**TASK BRIEF:** Would you restate every entry that follows, word for word, and leave out the pictures?

**MATERIAL TO PROCESS:**
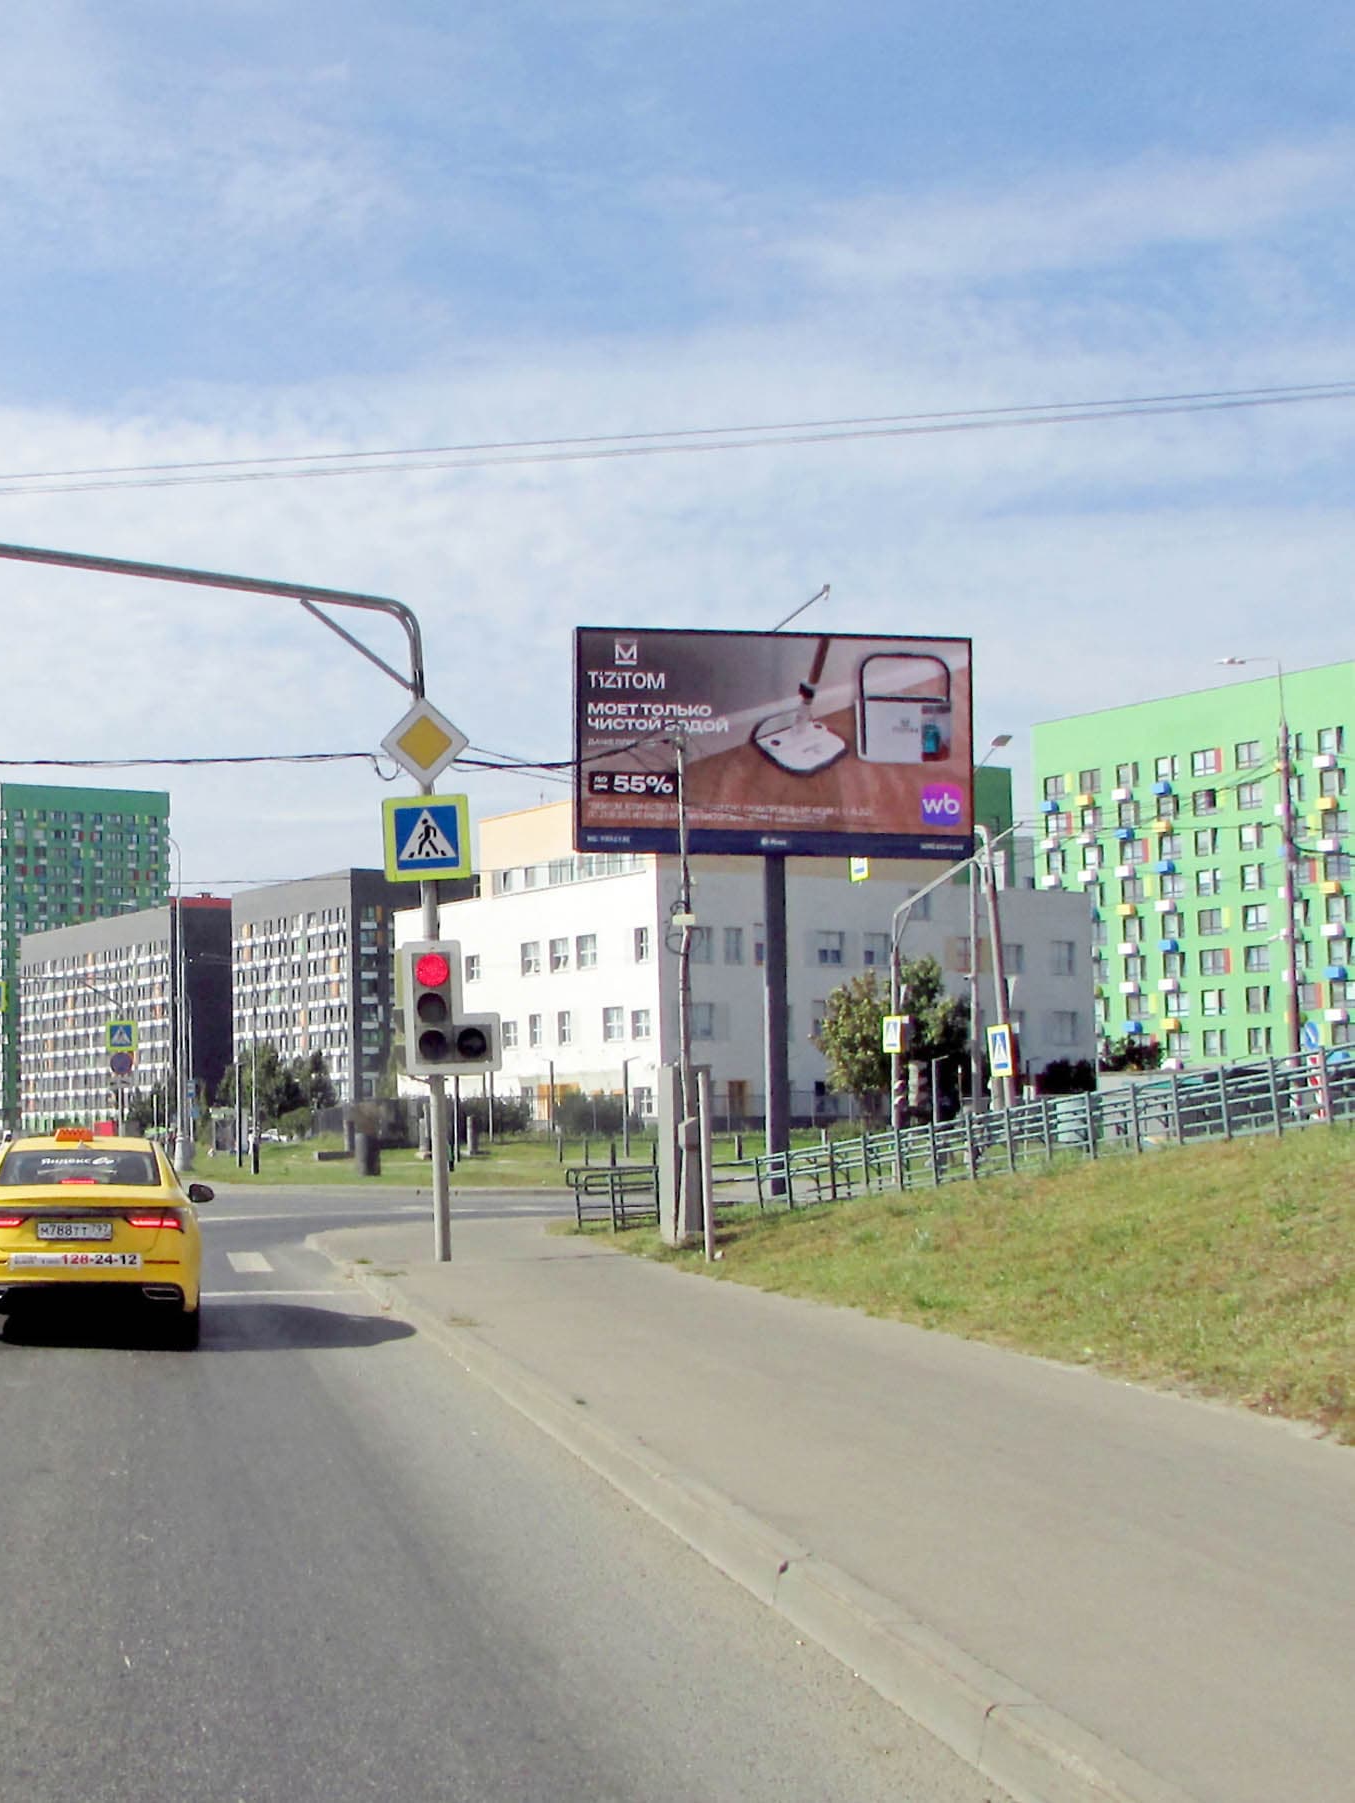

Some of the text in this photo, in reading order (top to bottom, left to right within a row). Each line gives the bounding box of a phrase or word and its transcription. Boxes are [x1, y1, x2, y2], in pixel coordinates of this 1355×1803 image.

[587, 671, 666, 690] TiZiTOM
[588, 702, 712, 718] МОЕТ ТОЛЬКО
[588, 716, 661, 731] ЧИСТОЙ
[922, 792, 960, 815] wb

**RESULT OF THIS EXERCISE:**
Some of the text in this photo, in reading order (top to bottom, left to right within a row). Each line gives the bounding box of a phrase or word and its transcription. Boxes are [x1, y1, x2, y2], in pixel coordinates of this 1355×1803 image.

[587, 671, 666, 690] TiZiTOM
[588, 702, 712, 718] МОЕТ ТОЛЬКО
[588, 716, 661, 731] ЧИСТОЙ
[922, 792, 960, 815] wb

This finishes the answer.